Start of SUPPLIED INFORMATION

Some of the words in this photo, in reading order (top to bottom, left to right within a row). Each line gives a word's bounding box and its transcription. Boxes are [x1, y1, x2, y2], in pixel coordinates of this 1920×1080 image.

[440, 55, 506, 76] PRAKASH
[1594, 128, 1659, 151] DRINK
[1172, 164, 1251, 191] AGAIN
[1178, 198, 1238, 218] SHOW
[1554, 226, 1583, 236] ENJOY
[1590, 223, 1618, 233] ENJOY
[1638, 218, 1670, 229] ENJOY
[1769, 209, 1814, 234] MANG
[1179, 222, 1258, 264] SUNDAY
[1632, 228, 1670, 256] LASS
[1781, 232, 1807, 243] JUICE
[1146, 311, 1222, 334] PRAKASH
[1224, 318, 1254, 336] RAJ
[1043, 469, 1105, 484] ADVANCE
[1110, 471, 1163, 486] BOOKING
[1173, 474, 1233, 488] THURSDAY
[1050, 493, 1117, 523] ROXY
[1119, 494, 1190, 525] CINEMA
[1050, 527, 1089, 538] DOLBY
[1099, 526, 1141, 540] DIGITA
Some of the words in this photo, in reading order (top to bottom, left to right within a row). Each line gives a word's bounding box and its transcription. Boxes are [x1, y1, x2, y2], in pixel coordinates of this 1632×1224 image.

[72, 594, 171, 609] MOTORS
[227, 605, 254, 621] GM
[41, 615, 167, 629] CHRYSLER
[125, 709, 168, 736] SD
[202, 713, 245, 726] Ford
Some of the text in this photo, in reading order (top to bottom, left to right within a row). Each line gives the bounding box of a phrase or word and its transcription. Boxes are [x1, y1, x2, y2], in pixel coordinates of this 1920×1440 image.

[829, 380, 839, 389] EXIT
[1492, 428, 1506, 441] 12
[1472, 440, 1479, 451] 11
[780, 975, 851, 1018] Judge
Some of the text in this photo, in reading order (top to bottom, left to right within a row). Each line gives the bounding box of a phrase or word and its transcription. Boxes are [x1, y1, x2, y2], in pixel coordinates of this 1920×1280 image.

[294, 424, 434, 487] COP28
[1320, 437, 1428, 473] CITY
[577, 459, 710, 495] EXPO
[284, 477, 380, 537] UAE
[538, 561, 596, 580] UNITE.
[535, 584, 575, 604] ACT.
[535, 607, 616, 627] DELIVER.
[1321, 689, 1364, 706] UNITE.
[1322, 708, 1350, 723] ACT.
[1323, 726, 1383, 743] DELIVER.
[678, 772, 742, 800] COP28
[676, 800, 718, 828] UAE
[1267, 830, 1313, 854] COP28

End of SUPPLIED INFORMATION

- WHAT YOU NEED TO DO:
Nothing in the records may be left out; transcribe all of them exactly.

- WRITTEN REPLY:
Some of the words in this photo, in reading order (top to bottom, left to right within a row). Each line gives a word's bounding box and its transcription. Boxes are [x1, y1, x2, y2], in pixel coordinates of this 1920×1080 image.

[440, 55, 506, 76] PRAKASH
[1594, 128, 1659, 151] DRINK
[1172, 164, 1251, 191] AGAIN
[1178, 198, 1238, 218] SHOW
[1554, 226, 1583, 236] ENJOY
[1590, 223, 1618, 233] ENJOY
[1638, 218, 1670, 229] ENJOY
[1769, 209, 1814, 234] MANG
[1179, 222, 1258, 264] SUNDAY
[1632, 228, 1670, 256] LASS
[1781, 232, 1807, 243] JUICE
[1146, 311, 1222, 334] PRAKASH
[1224, 318, 1254, 336] RAJ
[1043, 469, 1105, 484] ADVANCE
[1110, 471, 1163, 486] BOOKING
[1173, 474, 1233, 488] THURSDAY
[1050, 493, 1117, 523] ROXY
[1119, 494, 1190, 525] CINEMA
[1050, 527, 1089, 538] DOLBY
[1099, 526, 1141, 540] DIGITA
Some of the words in this photo, in reading order (top to bottom, left to right within a row). Each line gives a word's bounding box and its transcription. Boxes are [x1, y1, x2, y2], in pixel coordinates of this 1632×1224 image.

[72, 594, 171, 609] MOTORS
[227, 605, 254, 621] GM
[41, 615, 167, 629] CHRYSLER
[125, 709, 168, 736] SD
[202, 713, 245, 726] Ford
Some of the text in this photo, in reading order (top to bottom, left to right within a row). Each line gives the bounding box of a phrase or word and its transcription. Boxes are [x1, y1, x2, y2], in pixel coordinates of this 1920×1440 image.

[829, 380, 839, 389] EXIT
[1492, 428, 1506, 441] 12
[1472, 440, 1479, 451] 11
[780, 975, 851, 1018] Judge
Some of the text in this photo, in reading order (top to bottom, left to right within a row). Each line gives the bounding box of a phrase or word and its transcription. Boxes are [x1, y1, x2, y2], in pixel coordinates of this 1920×1280 image.

[294, 424, 434, 487] COP28
[1320, 437, 1428, 473] CITY
[577, 459, 710, 495] EXPO
[284, 477, 380, 537] UAE
[538, 561, 596, 580] UNITE.
[535, 584, 575, 604] ACT.
[535, 607, 616, 627] DELIVER.
[1321, 689, 1364, 706] UNITE.
[1322, 708, 1350, 723] ACT.
[1323, 726, 1383, 743] DELIVER.
[678, 772, 742, 800] COP28
[676, 800, 718, 828] UAE
[1267, 830, 1313, 854] COP28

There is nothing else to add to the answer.